> **THE DATA**:
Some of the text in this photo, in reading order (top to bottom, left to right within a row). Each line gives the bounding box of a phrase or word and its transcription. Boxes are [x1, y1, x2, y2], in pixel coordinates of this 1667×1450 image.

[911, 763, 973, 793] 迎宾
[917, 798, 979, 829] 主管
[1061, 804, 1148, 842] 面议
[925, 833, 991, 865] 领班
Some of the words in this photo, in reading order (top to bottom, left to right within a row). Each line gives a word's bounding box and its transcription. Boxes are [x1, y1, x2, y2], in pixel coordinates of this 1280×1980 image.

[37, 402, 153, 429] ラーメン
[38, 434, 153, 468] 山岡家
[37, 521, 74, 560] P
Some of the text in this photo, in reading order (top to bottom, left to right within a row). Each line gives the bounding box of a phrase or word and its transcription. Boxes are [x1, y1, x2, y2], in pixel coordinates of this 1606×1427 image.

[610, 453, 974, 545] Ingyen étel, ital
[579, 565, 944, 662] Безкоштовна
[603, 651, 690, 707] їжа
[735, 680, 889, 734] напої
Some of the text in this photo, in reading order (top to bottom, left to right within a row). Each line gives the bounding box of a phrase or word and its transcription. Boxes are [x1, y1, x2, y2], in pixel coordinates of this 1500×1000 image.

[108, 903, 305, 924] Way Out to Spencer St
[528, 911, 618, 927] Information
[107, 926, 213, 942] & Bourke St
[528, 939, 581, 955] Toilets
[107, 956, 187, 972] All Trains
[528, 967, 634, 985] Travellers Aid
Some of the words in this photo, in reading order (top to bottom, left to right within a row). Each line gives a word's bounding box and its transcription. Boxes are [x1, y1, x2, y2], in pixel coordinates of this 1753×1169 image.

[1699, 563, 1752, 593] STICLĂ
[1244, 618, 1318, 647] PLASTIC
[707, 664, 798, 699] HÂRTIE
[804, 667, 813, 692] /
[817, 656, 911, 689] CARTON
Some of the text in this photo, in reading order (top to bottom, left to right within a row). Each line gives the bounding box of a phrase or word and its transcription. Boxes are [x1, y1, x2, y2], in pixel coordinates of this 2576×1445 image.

> **WORK INSTRUCTIONS**:
Give the records back in full, word for word.

> **COMPLETED EXERCISE**:
Some of the text in this photo, in reading order (top to bottom, left to right within a row). Each line gives the bounding box of a phrase or word and its transcription. Boxes are [x1, y1, x2, y2], in pixel coordinates of this 1667×1450 image.

[911, 763, 973, 793] 迎宾
[917, 798, 979, 829] 主管
[1061, 804, 1148, 842] 面议
[925, 833, 991, 865] 领班
Some of the words in this photo, in reading order (top to bottom, left to right within a row). Each line gives a word's bounding box and its transcription. Boxes are [x1, y1, x2, y2], in pixel coordinates of this 1280×1980 image.

[37, 402, 153, 429] ラーメン
[38, 434, 153, 468] 山岡家
[37, 521, 74, 560] P
Some of the text in this photo, in reading order (top to bottom, left to right within a row). Each line gives the bounding box of a phrase or word and its transcription. Boxes are [x1, y1, x2, y2], in pixel coordinates of this 1606×1427 image.

[610, 453, 974, 545] Ingyen étel, ital
[579, 565, 944, 662] Безкоштовна
[603, 651, 690, 707] їжа
[735, 680, 889, 734] напої
Some of the text in this photo, in reading order (top to bottom, left to right within a row). Each line gives the bounding box of a phrase or word and its transcription. Boxes are [x1, y1, x2, y2], in pixel coordinates of this 1500×1000 image.

[108, 903, 305, 924] Way Out to Spencer St
[528, 911, 618, 927] Information
[107, 926, 213, 942] & Bourke St
[528, 939, 581, 955] Toilets
[107, 956, 187, 972] All Trains
[528, 967, 634, 985] Travellers Aid
Some of the words in this photo, in reading order (top to bottom, left to right within a row). Each line gives a word's bounding box and its transcription. Boxes are [x1, y1, x2, y2], in pixel coordinates of this 1753×1169 image.

[1699, 563, 1752, 593] STICLĂ
[1244, 618, 1318, 647] PLASTIC
[707, 664, 798, 699] HÂRTIE
[804, 667, 813, 692] /
[817, 656, 911, 689] CARTON
Some of the text in this photo, in reading order (top to bottom, left to right within a row). Each line gives the bounding box of a phrase or word and its transcription. Boxes are [x1, y1, x2, y2], in pixel coordinates of this 2576×1445 image.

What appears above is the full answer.